徐子丞不赞同的拍了拍那着急的人,投去一个“你看你今天干了什么事”的眼神。
跟小时候一样,他们不会干巴巴的劝着让赵思沅别生气的没用话,无论什么原因,第一反应都是先给她解气。
“出去。”
角落里的周嘉树突然出声。
邵络景:“啊,周嘉树你说什么?”
周嘉树冷眼看他,眉梢泛寒:“你先滚出去。”
“她现在不想看见你。”
另外两人很明显也不擅长应对这场面:“周嘉树,交给你了,有事叫我们。”
说完拖着邵络景这罪魁祸首快速的出去。
赵思沅保持着刚刚抬脚要离开的坐姿,察觉到屋内只剩下周嘉树一个人,她才把包放下挡住自己的脸,有些冷硬又瓮声瓮气:“你不用在这,我自己待一会。”

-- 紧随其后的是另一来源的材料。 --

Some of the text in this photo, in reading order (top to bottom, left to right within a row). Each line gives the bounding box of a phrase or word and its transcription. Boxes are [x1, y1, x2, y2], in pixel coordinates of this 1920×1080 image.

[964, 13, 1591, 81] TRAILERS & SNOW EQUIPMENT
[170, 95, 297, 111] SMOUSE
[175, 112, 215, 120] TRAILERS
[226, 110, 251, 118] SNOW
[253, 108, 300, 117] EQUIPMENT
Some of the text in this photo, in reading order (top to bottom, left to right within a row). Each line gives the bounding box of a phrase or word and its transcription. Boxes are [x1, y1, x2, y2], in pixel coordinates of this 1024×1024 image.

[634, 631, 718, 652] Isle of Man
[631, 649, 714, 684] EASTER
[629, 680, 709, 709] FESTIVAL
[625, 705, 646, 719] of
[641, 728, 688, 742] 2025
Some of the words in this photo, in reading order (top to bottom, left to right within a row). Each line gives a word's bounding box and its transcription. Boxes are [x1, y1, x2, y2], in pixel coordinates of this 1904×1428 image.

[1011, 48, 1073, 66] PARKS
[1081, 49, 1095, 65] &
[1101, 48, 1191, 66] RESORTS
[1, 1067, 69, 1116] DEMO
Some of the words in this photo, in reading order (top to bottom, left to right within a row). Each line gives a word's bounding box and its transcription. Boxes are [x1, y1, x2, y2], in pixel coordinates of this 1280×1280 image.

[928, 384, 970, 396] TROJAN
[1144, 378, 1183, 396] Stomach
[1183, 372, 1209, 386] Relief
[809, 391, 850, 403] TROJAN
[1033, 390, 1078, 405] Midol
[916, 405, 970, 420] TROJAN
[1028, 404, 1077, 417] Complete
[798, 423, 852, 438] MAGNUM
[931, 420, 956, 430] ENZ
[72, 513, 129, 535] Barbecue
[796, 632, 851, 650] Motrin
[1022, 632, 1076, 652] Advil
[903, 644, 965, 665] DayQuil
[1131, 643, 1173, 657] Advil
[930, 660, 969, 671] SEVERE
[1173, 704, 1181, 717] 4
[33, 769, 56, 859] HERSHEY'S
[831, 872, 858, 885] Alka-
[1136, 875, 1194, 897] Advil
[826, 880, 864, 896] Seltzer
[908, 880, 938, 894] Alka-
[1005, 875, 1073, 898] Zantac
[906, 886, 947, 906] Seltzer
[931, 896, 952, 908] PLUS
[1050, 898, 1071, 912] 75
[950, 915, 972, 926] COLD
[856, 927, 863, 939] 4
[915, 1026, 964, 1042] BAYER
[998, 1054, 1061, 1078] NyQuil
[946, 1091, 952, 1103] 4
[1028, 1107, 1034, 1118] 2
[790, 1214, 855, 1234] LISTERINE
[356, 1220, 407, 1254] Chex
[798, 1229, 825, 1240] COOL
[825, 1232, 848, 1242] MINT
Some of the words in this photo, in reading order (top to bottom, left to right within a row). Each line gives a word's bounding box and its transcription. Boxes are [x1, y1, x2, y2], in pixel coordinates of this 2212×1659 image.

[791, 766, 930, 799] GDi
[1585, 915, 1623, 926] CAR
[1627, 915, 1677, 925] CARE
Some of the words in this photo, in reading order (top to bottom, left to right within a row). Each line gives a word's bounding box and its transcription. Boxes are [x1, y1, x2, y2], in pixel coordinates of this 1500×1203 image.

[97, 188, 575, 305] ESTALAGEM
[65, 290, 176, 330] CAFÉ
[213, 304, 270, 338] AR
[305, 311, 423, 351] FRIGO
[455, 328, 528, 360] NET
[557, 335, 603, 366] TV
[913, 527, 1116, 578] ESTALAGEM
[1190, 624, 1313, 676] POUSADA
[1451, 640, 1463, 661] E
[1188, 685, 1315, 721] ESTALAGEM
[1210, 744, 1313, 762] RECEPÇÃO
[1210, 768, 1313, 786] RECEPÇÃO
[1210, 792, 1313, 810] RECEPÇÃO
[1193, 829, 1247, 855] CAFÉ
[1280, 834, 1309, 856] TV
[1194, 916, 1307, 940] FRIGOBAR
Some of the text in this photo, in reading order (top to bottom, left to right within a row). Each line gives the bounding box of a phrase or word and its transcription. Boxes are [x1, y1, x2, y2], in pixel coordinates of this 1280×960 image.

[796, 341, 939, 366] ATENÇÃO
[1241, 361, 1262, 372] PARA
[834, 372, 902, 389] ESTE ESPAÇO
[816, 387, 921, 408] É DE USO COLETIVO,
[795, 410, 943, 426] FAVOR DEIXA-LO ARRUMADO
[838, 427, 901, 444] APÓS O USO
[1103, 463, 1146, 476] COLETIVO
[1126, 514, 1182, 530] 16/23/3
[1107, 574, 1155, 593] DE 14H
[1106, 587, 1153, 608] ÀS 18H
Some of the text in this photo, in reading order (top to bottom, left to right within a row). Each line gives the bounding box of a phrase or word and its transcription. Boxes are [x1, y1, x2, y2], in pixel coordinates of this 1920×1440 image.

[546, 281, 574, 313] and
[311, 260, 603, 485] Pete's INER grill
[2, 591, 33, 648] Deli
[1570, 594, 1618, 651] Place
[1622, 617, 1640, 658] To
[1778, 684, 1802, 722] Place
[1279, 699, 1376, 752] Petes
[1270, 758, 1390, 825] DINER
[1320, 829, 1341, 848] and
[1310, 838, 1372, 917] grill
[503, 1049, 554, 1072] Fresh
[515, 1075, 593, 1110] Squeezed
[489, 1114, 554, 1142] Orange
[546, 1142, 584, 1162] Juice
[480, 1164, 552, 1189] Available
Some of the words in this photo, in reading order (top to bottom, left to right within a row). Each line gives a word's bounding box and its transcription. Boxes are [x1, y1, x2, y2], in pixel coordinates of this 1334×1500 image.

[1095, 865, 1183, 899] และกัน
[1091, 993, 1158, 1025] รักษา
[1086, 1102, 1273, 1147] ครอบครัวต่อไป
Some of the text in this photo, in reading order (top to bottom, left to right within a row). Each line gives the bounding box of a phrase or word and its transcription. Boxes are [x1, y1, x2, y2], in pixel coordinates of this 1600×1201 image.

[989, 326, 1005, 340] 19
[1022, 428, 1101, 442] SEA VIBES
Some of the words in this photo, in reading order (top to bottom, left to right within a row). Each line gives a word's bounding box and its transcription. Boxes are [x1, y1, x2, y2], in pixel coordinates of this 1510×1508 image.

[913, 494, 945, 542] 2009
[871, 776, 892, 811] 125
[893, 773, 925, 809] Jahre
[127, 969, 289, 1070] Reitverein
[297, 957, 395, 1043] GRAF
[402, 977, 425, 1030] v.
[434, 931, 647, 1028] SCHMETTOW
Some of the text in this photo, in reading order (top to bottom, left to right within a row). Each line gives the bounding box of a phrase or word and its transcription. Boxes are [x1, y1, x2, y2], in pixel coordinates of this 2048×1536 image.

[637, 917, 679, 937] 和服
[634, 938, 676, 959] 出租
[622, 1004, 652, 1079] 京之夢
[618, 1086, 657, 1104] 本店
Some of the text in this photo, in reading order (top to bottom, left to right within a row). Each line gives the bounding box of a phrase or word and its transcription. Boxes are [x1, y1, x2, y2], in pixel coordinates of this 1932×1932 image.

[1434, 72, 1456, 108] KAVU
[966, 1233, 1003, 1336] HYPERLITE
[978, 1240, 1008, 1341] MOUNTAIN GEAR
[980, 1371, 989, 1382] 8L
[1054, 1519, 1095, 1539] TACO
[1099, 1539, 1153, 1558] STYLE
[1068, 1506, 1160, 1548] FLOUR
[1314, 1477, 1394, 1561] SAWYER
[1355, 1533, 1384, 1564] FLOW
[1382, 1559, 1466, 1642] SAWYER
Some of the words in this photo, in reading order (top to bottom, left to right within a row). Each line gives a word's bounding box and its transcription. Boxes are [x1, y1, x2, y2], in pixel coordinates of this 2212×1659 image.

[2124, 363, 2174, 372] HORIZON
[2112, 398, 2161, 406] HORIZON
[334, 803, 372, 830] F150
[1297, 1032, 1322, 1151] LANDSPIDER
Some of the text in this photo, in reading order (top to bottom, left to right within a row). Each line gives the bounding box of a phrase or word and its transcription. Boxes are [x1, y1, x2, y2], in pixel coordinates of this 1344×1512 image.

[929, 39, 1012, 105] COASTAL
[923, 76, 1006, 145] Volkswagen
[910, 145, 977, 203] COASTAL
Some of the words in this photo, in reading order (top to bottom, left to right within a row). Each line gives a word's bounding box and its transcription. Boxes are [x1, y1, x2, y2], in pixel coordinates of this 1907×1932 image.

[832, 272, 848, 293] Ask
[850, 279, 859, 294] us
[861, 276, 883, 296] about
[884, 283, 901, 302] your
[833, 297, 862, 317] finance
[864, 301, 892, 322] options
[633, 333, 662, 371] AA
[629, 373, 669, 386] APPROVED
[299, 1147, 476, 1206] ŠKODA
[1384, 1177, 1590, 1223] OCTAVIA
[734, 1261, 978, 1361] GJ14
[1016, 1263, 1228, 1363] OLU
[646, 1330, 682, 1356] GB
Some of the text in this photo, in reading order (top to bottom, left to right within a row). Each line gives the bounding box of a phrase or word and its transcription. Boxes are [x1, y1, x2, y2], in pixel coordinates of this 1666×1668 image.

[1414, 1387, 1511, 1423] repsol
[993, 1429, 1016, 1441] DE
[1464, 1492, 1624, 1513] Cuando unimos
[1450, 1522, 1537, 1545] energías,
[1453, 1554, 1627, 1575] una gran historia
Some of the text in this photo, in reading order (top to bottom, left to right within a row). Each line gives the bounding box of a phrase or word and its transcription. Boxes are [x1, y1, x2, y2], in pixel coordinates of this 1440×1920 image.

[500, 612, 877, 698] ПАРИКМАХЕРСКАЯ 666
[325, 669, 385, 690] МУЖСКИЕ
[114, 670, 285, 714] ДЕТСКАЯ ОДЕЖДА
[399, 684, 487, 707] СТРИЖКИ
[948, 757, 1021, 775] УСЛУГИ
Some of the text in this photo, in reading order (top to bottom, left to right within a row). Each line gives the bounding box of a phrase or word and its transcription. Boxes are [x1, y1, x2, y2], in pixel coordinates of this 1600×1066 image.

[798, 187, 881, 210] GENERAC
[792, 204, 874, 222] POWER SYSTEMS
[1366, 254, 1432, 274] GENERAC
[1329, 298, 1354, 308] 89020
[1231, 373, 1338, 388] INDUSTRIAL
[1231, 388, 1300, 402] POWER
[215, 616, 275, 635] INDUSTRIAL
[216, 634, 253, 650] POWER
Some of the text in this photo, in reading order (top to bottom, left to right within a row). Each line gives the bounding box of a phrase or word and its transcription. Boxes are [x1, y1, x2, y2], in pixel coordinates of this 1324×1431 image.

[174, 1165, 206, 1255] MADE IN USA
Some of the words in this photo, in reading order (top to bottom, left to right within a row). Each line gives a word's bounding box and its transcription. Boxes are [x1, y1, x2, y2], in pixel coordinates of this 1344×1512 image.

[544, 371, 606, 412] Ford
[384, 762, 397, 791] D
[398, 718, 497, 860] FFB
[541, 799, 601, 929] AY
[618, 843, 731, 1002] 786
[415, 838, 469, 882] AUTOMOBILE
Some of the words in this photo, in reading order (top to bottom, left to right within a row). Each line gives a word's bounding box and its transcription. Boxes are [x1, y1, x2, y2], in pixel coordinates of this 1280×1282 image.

那带了微微沙哑的声音一听就是想哭了,周嘉树拿开她包,正跟小时候一样倔强的的咬着唇不让眼泪掉下来。
那憋了泪水的眼眶红的厉害。
周嘉树皱紧了眉,任由赵思沅隐忍的哭泣了一会,才抬手轻捏她的下巴迫使她抬头:“赵思沅,哭什么,邵寒烟那种小角色也值得你为她生气?”
男人经常吸烟,赵思沅又是细皮嫩肉的,似乎觉得下巴上的那指腹有些粗糙,她抹过头去,又觉得丢人,抬手擦了下眼尾,带了点小性子:“你不用管我,我一会就好。”
半晌,那人似乎真的走开了,房间里除了她时不时吸鼻子的声音就再无其他。
蛋糕的香味在空气中扩散,赵思沅泪眼朦胧的转过头去,周嘉树手上不知道什么时候端了一小块樱桃蛋糕。
他半蹲下身子,隐在暗色光线里的清俊脸庞透着几分少有的温柔隽刻,笑道:“赵思沅,真不让我管你了啊?”
“那我的人生价值还怎么实现?”
第7章 公主果然难养。
要说赵思沅和邵寒烟的这渊源,那还得从赵思沅待在石曦之的肚子里说起。
赵家这一辈是三代单传,一直到赵靳父亲这一代,因为极想要女儿,所以在生完赵靳后没多久就又怀了二胎,而这一胎也实现了夫妻两的心愿,来了一个他们心心念念的女儿。
夫妻两给这女儿取名为赵晨,意为“初晨之星”,这个女孩,可谓是从小就被呵护在掌心里,生活物质上永远是最好的,和她相比,赵靳的生活就要苛刻许多。
老爷子一直严格按照继承人培养的说法要求赵靳,而对这小女儿,恨不得把天上的月亮摘下来给她。
这样宠着一直到了赵晨二十六岁,老两口万般不舍的把女儿嫁给了江城的一位富商,原本以为会这样幸福的过下去,可好景不长,二十七岁那年,赵晨才刚怀上孩子,突然被查出来得了一种医学上极少见的怪病,而且目前为止,没有任何的药物或者手术可以治疗痊愈。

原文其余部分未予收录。